The first time I played the sixth hole, four years ago, I pushed my tee ball to the right, over the cliff, took a drop– and lost my next shot left, somewhere in the vicinity of the upper tee box on the eighth hole, leading me to put an “X” on my scorecard and tend the flag for my playing companions.

This time around on #6 I laid a pretty decent drive into the left fringe, short of the bunker complex. Taking 3-wood based on the yardage to the flag, I pushed a low stinger – not the shot I was trying for, by the way – into the cliff face to the right of the green stuff, reloaded, foolishly tried again with 3-wood and stuffed that shot into the looming green wall that separates the lower fairway from the green complex, thus cementing my place in the textbooks under “How Not to Play the Sixth Hole at Pebble Beach”.

I subsequently popped my ball out of the rough and up the cliff face with an iron of some kind—and into one of the left-hand bunkers. On the green lying six, I missed my putt for a snowman, picked up and took my ESC-mandated eight.

All-time score: Pebble’s 6th hole – 2, Me – 0.

Four years ago when I played #7, the picturesque par-3 contender for “World’s Most Photographed Golf Hole” that inhabits the schwerpunkt  of Arrowhead Point, I overcooked a GW and flew the green.

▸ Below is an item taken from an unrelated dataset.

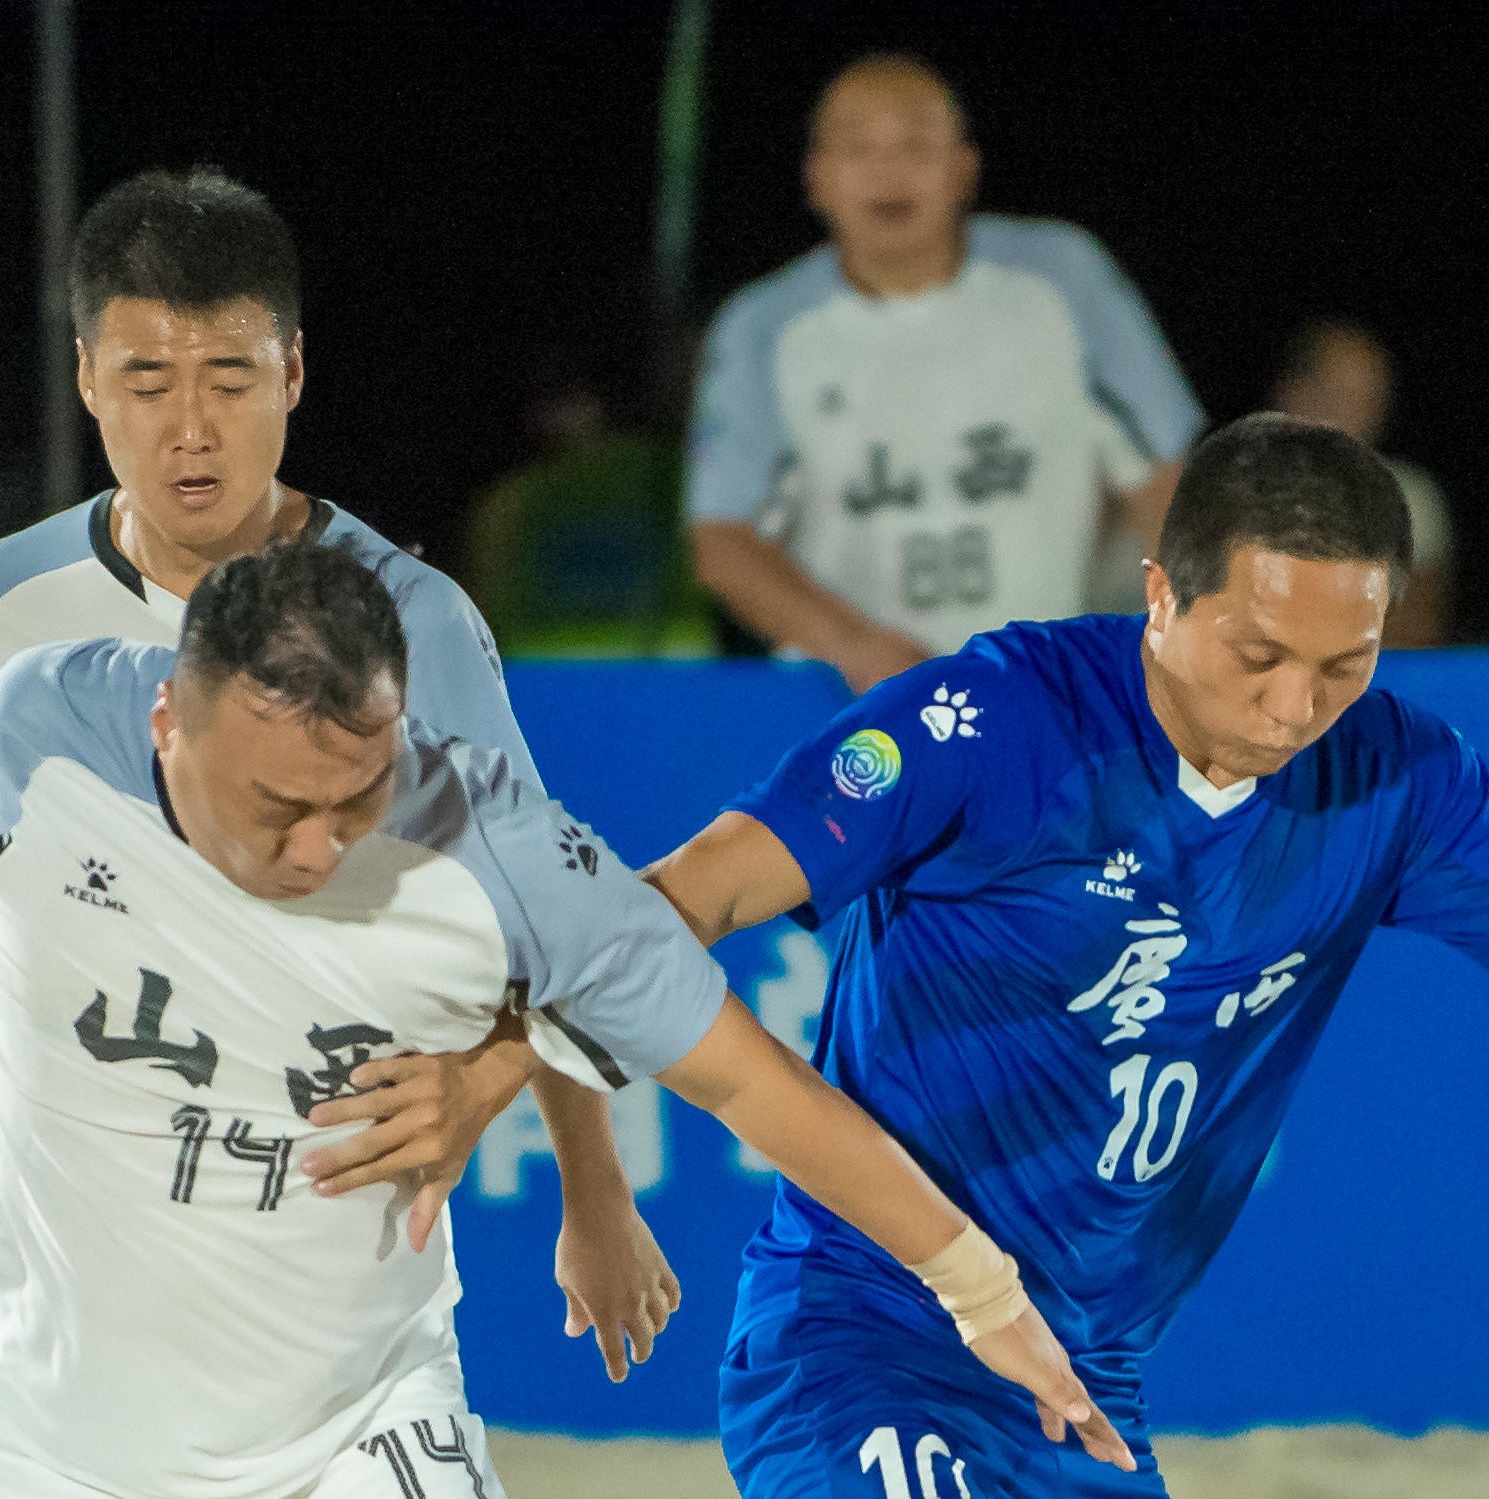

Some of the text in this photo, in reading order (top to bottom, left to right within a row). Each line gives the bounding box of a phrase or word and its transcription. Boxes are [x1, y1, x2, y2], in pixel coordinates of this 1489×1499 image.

[63, 883, 130, 916] KELME
[1086, 879, 1136, 902] KELME
[1097, 1053, 1198, 1182] 10
[171, 1104, 294, 1212] 14

This time the following breeze knuckled my tee shot short and into the front-right bunker, from which I got up and down for a bogey/net par. I am hoping that, having bracketed the green here in two outings, a third will find me on the dance floor in regulation. (One can dream, can’t one?)

My foursome’s penultimate hole of the day was #8, the par-4 with the greatest second shot in golf. The fairway skew for the U.S. Open was very apparent on this hole, with a good 20 yards of fairway removed from the left side. Overcompensating, I pushed my drive right, into the rough and just yards away from (another) watery grave. With 185 yards to the flag, and ≈ 150 to the “second fairway” layup area in front of the green, I played smart, laid up, and made bogey/net birdie.

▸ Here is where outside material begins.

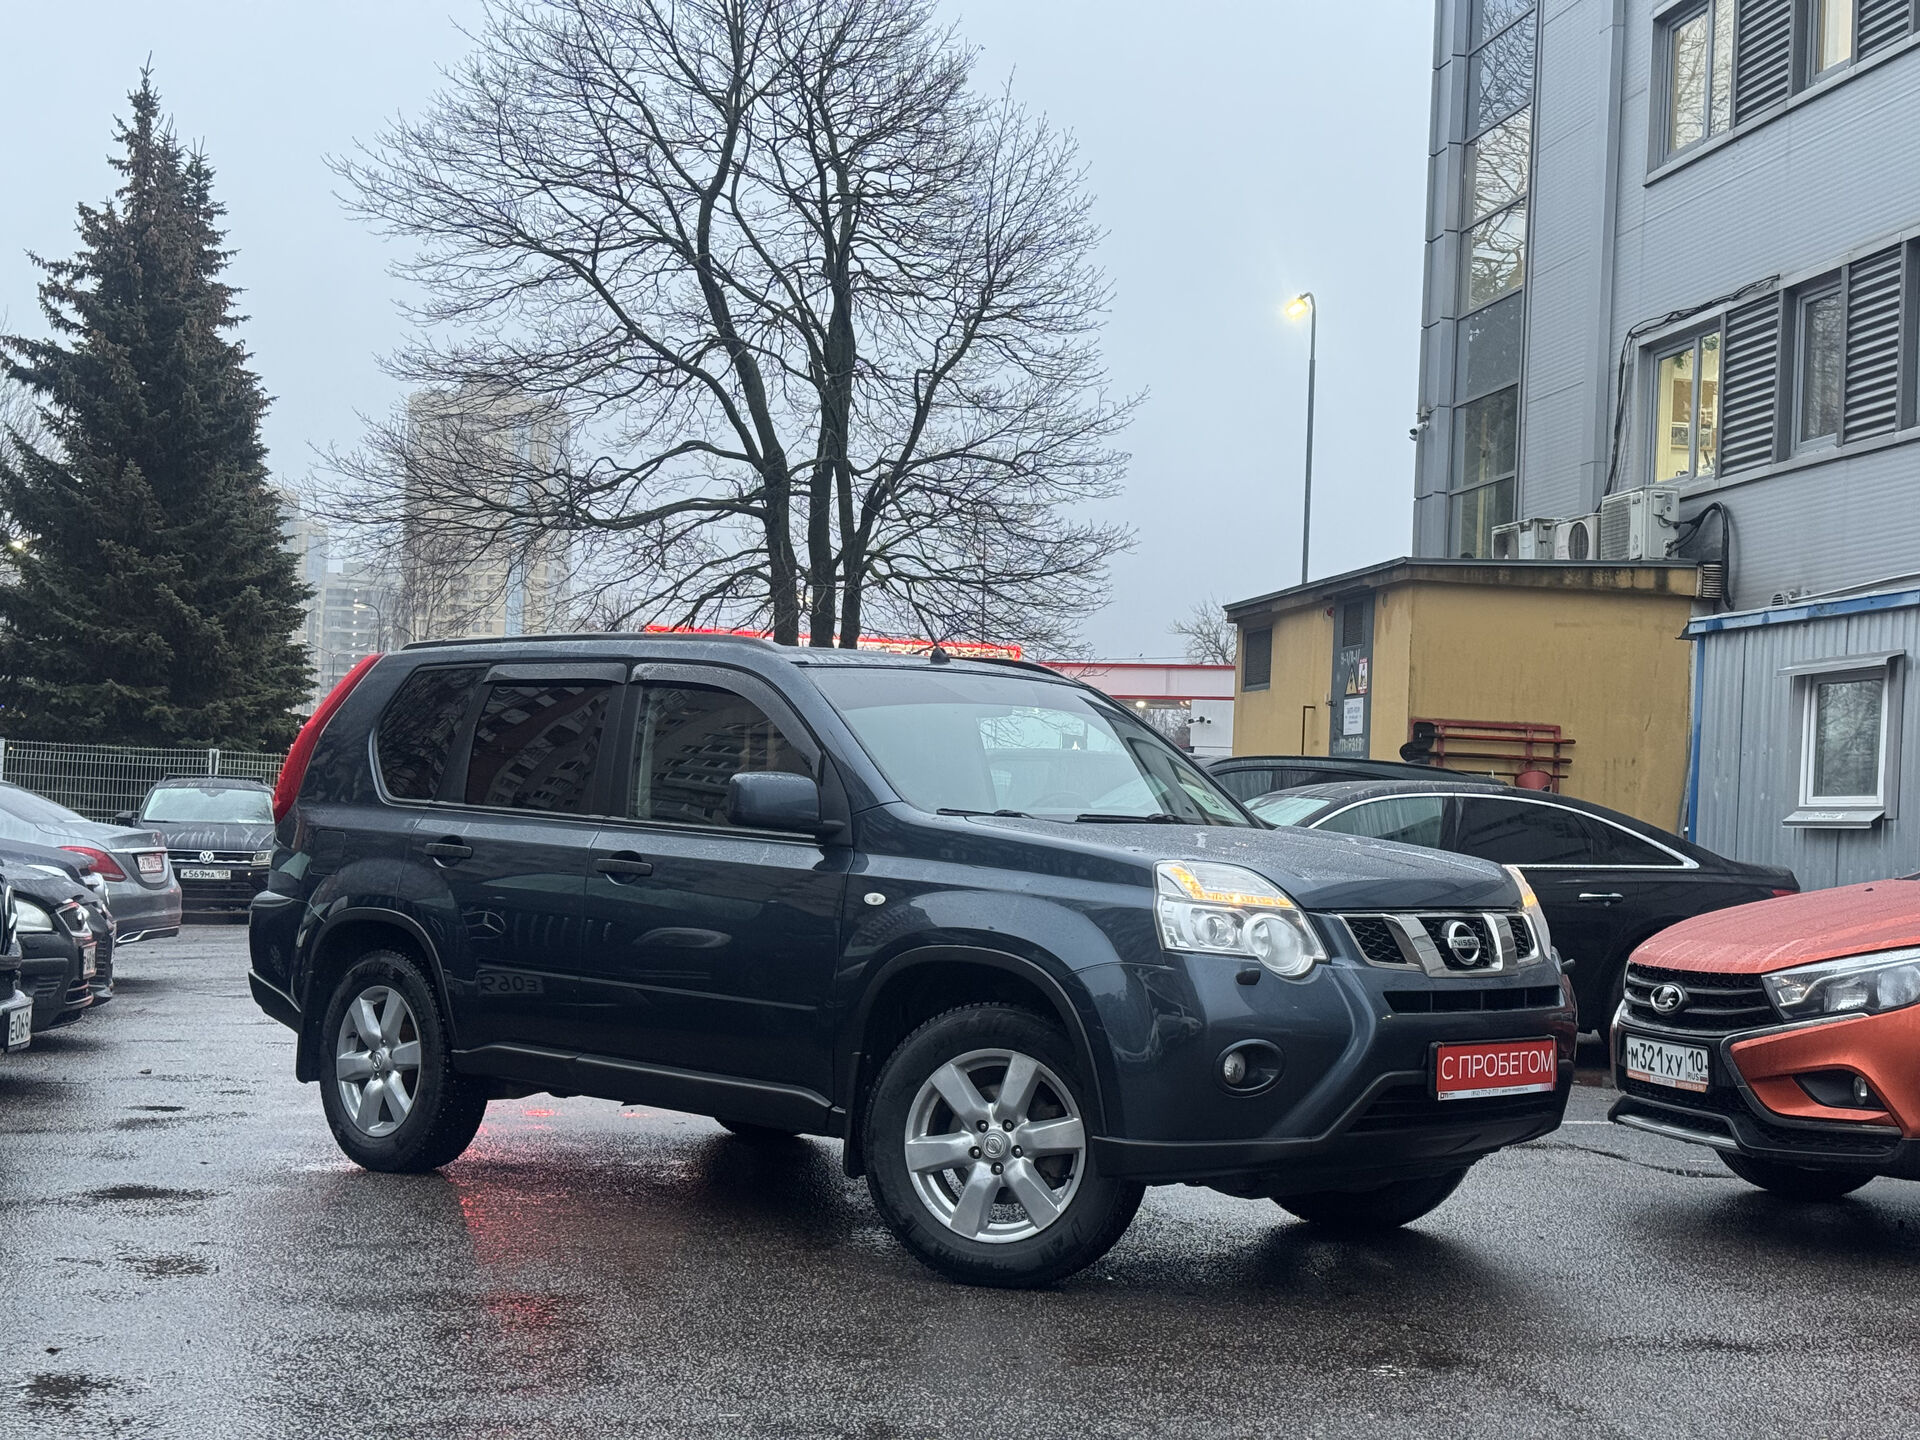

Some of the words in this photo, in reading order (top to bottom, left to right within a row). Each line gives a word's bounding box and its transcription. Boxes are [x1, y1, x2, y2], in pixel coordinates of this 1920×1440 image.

Starting on #10 means, of course, finishing on #9 – the most difficult par-4 on the course, thanks mostly to the uneven lies that await you even if you keep your ball away from the “Cliffs of Doom”. I hit one of my better drives of the day here, center of the fairway, maybe 150 yards out.
Center of the fairway on the ninth hole at Pebble Beach—what could go wrong?
The beautiful drive left me with a hanging lie on a fairway that sloped away from me and to the right, resulting in a pulled approach and my first experience in the infamous front bunker on nine. This time, however, my trusty Cleveland wedge let me down (or I blew the shot – you choose), and I bladed the bunker shot over the green.

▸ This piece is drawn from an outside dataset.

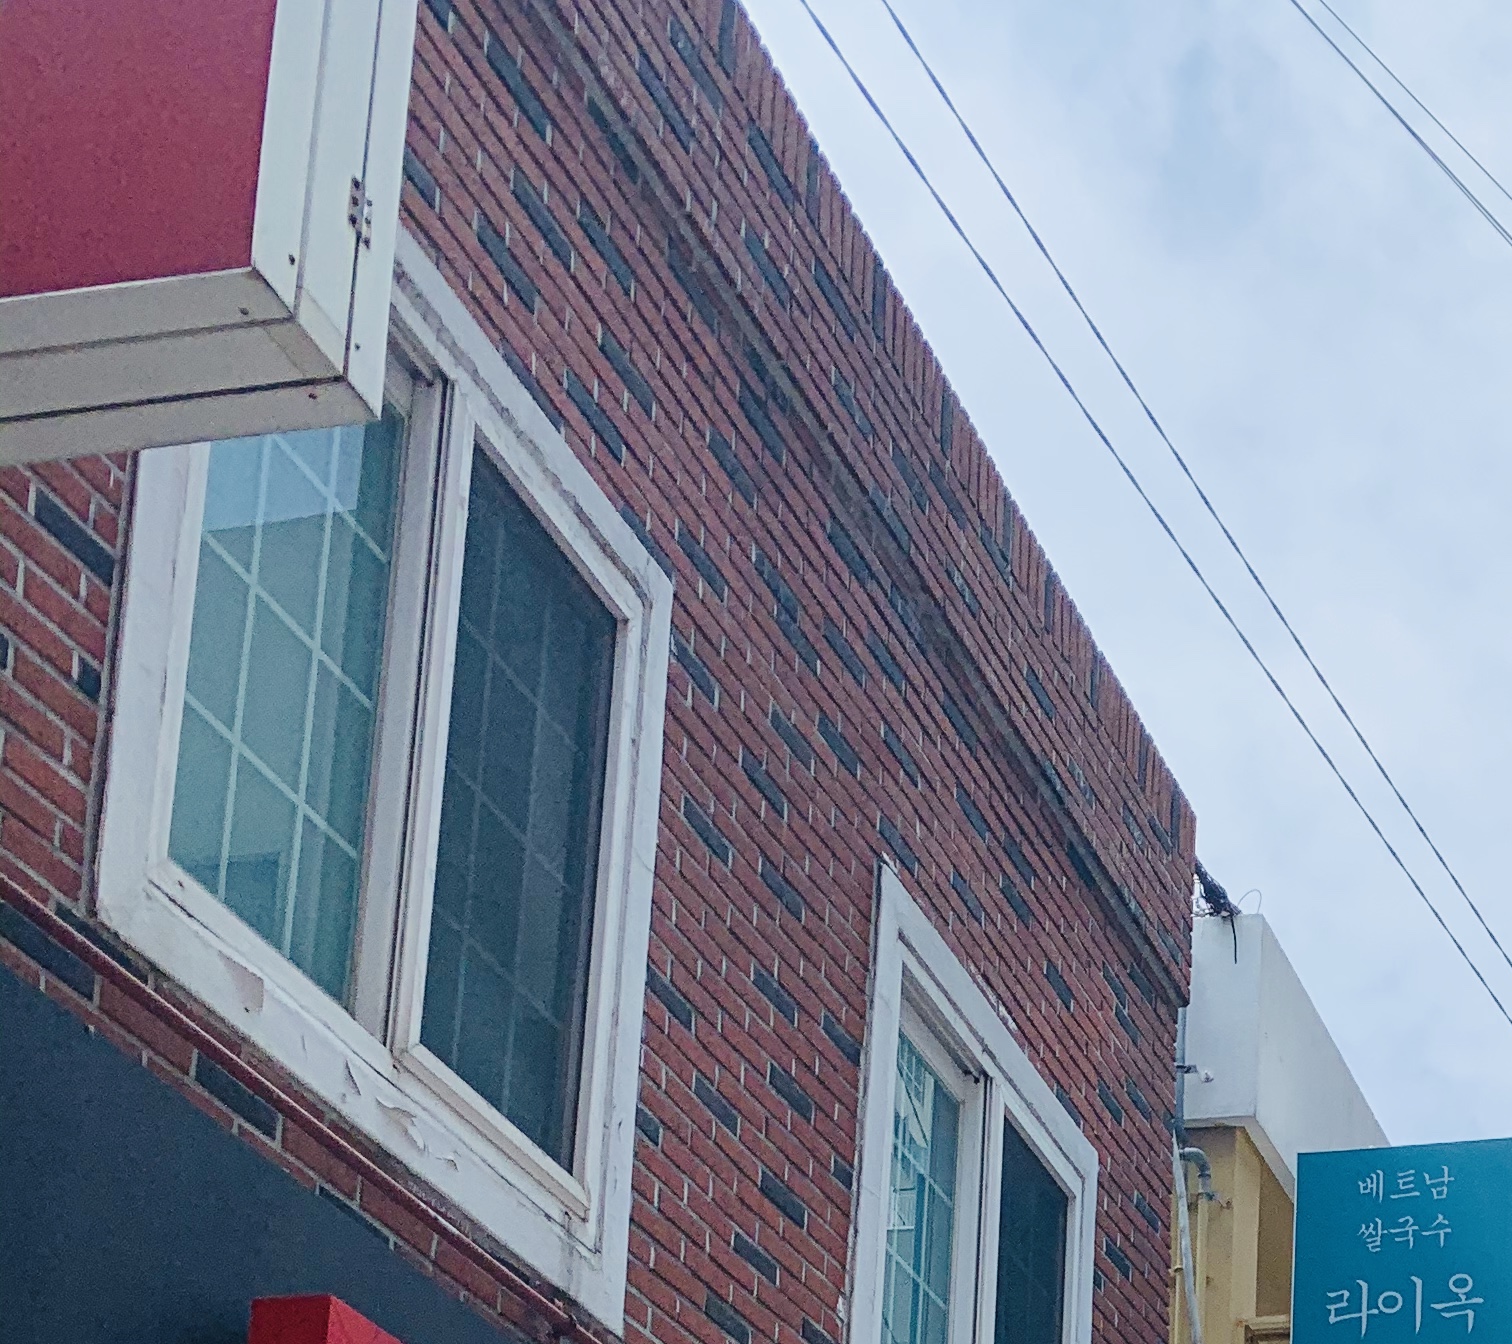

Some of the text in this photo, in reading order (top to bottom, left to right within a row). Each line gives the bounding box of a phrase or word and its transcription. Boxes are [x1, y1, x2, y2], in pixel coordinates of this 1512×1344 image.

[1356, 1164, 1456, 1201] 베트남
[1356, 1213, 1453, 1254] 쌀국수
[1325, 1273, 1485, 1339] 라이옥

It was late, I was tired, and my playing partners were putting out – so I put another “X” on my scorecard and called it a day.

The Wrap-up

Any day at Pebble Beach is a good day, especially with a golf club in your hand, no matter how many brand-new Pro V1x’s you leave out on the course. I didn’t break 100, as I had hoped (though how I had expected to do so when I hadn’t swung a club in anger, except for putting, since December I have no idea.) Actually, my putting was pretty darned good – four one-putt greens and eleven two-putts. Pretty good on Pebble’s infamous dance floors—if only it didn’t take me so many strokes to get there.